Interview: Gene Ekster, Co-Founder, Alternative Data Group

Ask any alternative data specialist, which part of their job they love the most and "hand-mapping each row to a company name" is a response you will never hear. For the uninitiated, mapping aka ticker tagging aka entity recognition is the inane job of having to identify official company information in an unlabeled dataset such as a common credit card statement. 

Here is a typical raw transaction: "THE APPLE COMPANY MOTT*S ONLINE" which should resolve to The Mott's Company wholly owned by Keurig Dr. Pepper (NYSE: KDP). It's easy to see how a keyword-based system (or even a human) might mistakenly map the transaction to Apple (NASDAQ: AAPL) because of that keyword presence. Yet, that was one of the easy cases; the harder ones are transactions like: "MINOT BK 6545 MINOT AFB ND~~08888~~xxxxxxxx" or "More Saving.  More Doing store XXX"

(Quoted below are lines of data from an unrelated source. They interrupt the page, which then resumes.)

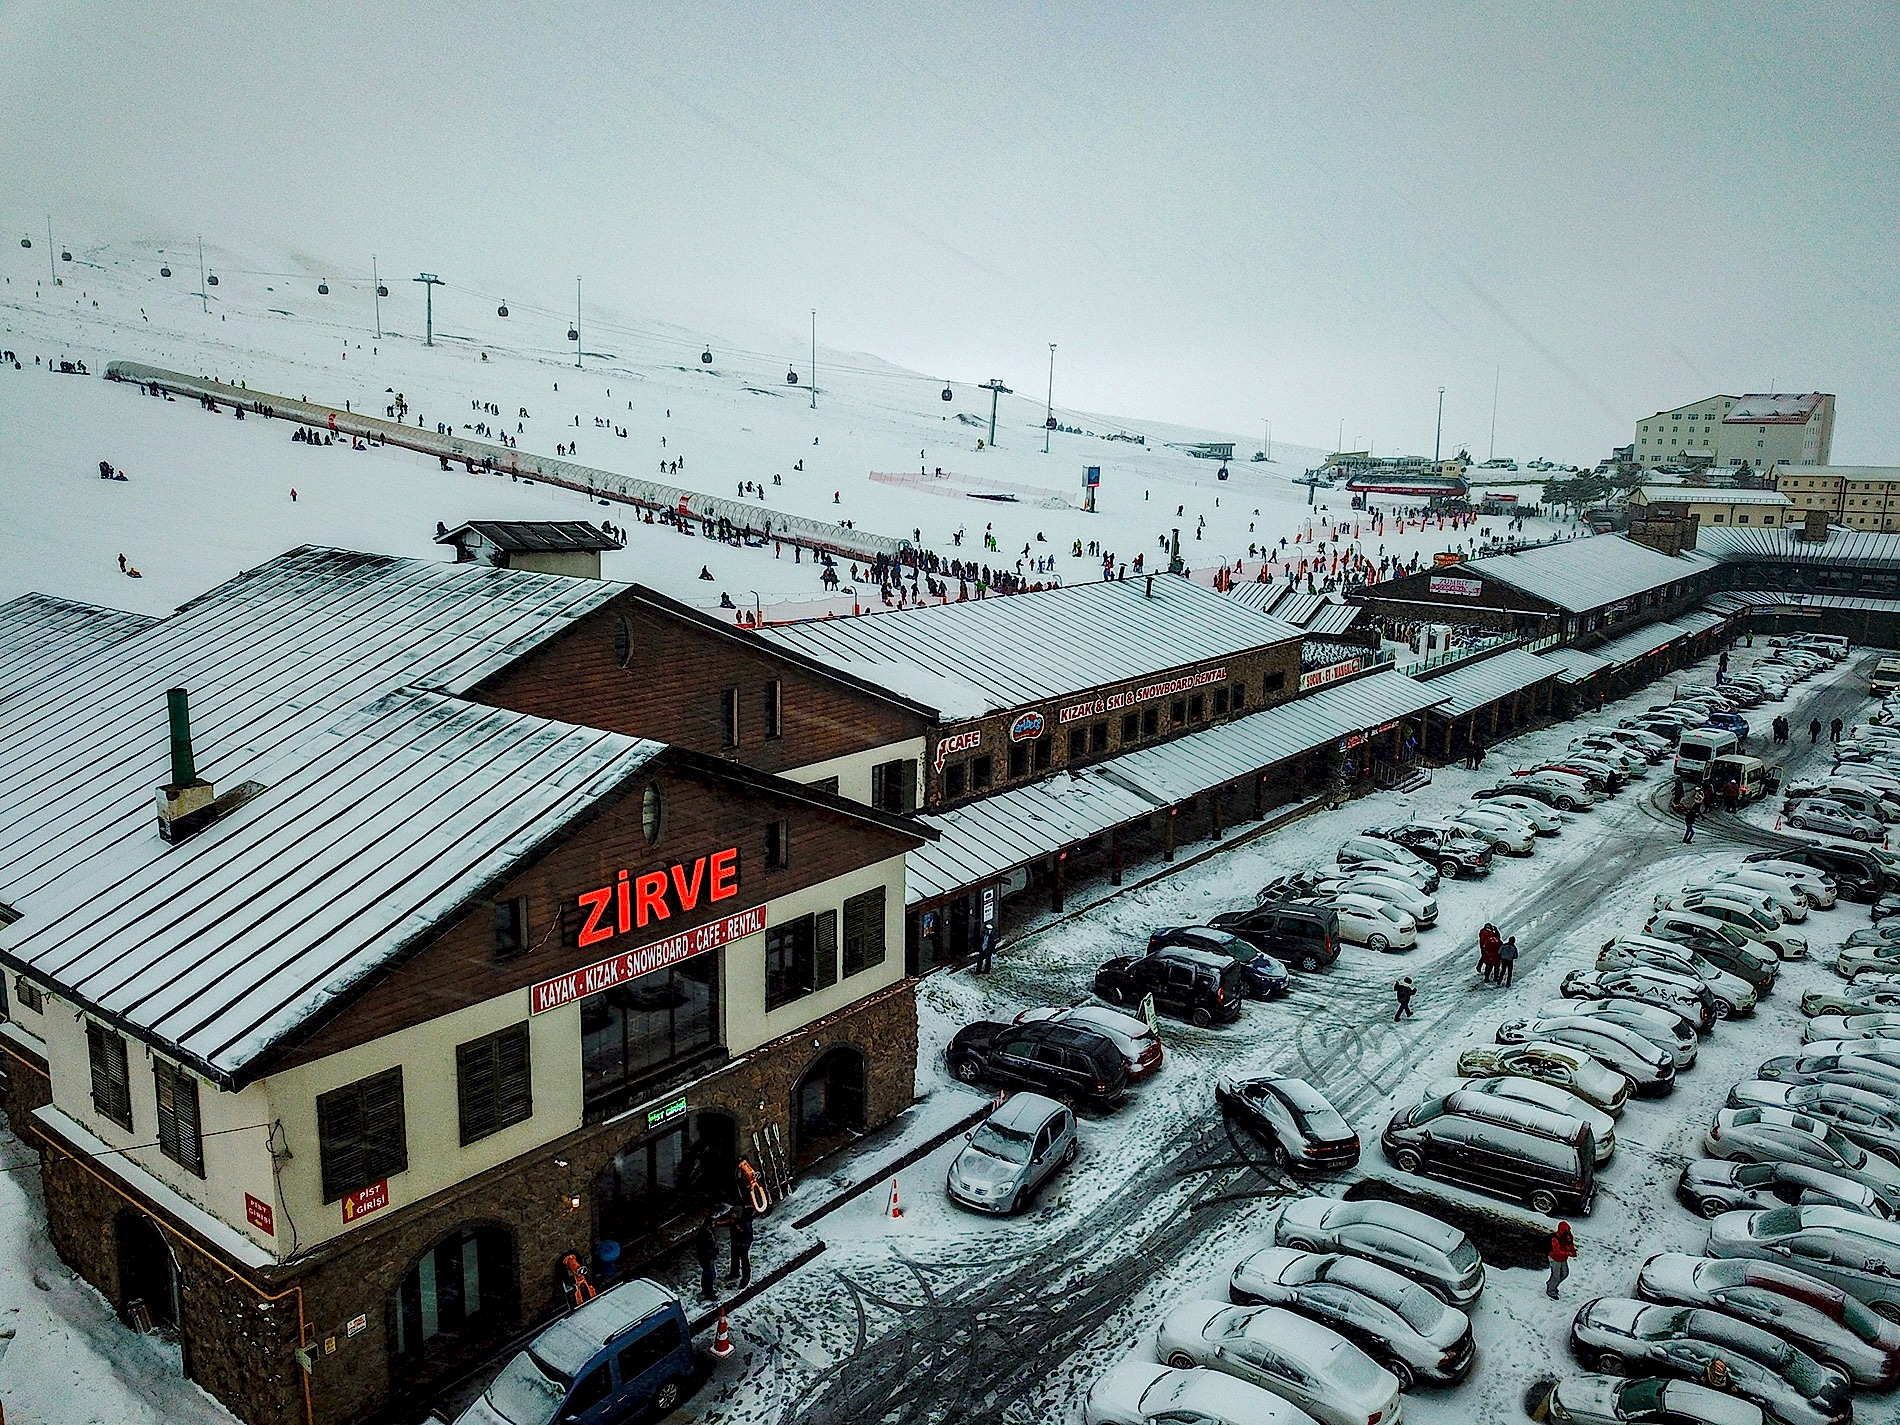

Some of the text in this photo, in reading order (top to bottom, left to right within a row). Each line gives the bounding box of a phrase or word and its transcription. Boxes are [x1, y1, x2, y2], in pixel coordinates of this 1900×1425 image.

[1060, 701, 1094, 723] KIZAK
[1107, 692, 1124, 710] SKI
[1126, 691, 1135, 705] &
[1137, 676, 1193, 701] SNOWBOARD
[1194, 667, 1228, 686] RENTAL
[948, 731, 980, 752] CAFE
[578, 847, 738, 948] ZİRVE
[540, 911, 761, 1010] KAYAK KIZAK SNOWBOARD CAFE RENTAL
[357, 1194, 385, 1214] GİRİŞİ
[360, 1184, 380, 1200] PİST

Even from these few examples, the hidden challenges of a mapping system begin to emerge :

  • It cannot be based on a list of keywords or regular expressions.
  • Only cutting edge AI can hold a candle to human level pattern recognition and even humans can barely resolve some transactions like the Burger King (MINOT BK...) example above.
  • It needs to track new and existing shifting ownership structures of every product, brand, subsidiary, acquirer, joint venture, conglomerate, holding company, etc. in the world. This task would grind down even an army of analysts, thousands strong.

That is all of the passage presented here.